■ Supplied records:
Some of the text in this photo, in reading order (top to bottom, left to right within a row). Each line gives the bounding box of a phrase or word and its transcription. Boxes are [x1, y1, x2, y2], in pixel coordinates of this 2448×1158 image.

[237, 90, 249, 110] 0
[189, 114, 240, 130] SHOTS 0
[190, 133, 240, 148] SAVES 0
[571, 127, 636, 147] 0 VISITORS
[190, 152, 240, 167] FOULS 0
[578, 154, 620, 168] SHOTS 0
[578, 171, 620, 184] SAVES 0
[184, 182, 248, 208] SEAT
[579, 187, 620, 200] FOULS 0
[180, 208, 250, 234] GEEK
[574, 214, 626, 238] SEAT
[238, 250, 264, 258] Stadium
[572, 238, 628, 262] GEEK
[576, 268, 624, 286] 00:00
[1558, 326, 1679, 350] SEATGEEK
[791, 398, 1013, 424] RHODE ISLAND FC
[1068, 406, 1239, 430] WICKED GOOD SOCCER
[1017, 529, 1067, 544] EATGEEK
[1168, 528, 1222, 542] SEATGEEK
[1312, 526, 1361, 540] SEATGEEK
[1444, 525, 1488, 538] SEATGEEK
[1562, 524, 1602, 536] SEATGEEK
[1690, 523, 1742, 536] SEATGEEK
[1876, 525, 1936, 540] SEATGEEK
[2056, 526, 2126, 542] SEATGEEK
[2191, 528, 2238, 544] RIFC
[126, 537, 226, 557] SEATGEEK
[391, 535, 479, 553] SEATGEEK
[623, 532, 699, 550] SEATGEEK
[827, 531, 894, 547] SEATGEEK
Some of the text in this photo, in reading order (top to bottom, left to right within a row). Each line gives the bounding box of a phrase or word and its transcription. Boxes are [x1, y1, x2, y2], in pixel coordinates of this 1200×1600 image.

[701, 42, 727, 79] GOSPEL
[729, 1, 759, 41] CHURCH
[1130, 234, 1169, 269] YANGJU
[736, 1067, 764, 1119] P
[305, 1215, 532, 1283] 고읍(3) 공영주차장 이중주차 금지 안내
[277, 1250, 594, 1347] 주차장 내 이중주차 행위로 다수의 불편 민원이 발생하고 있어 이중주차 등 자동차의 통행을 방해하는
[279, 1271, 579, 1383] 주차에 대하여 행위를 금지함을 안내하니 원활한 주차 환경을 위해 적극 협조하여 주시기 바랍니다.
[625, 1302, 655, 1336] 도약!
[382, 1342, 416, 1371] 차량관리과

■ Exercise brief: What must be transcribed is the run of lines from the one containing "this 1200×1600 image." to the last line of the data above, inclusive, and only that.

■ Solution for this problem:
Some of the text in this photo, in reading order (top to bottom, left to right within a row). Each line gives the bounding box of a phrase or word and its transcription. Boxes are [x1, y1, x2, y2], in pixel coordinates of this 1200×1600 image.

[701, 42, 727, 79] GOSPEL
[729, 1, 759, 41] CHURCH
[1130, 234, 1169, 269] YANGJU
[736, 1067, 764, 1119] P
[305, 1215, 532, 1283] 고읍(3) 공영주차장 이중주차 금지 안내
[277, 1250, 594, 1347] 주차장 내 이중주차 행위로 다수의 불편 민원이 발생하고 있어 이중주차 등 자동차의 통행을 방해하는
[279, 1271, 579, 1383] 주차에 대하여 행위를 금지함을 안내하니 원활한 주차 환경을 위해 적극 협조하여 주시기 바랍니다.
[625, 1302, 655, 1336] 도약!
[382, 1342, 416, 1371] 차량관리과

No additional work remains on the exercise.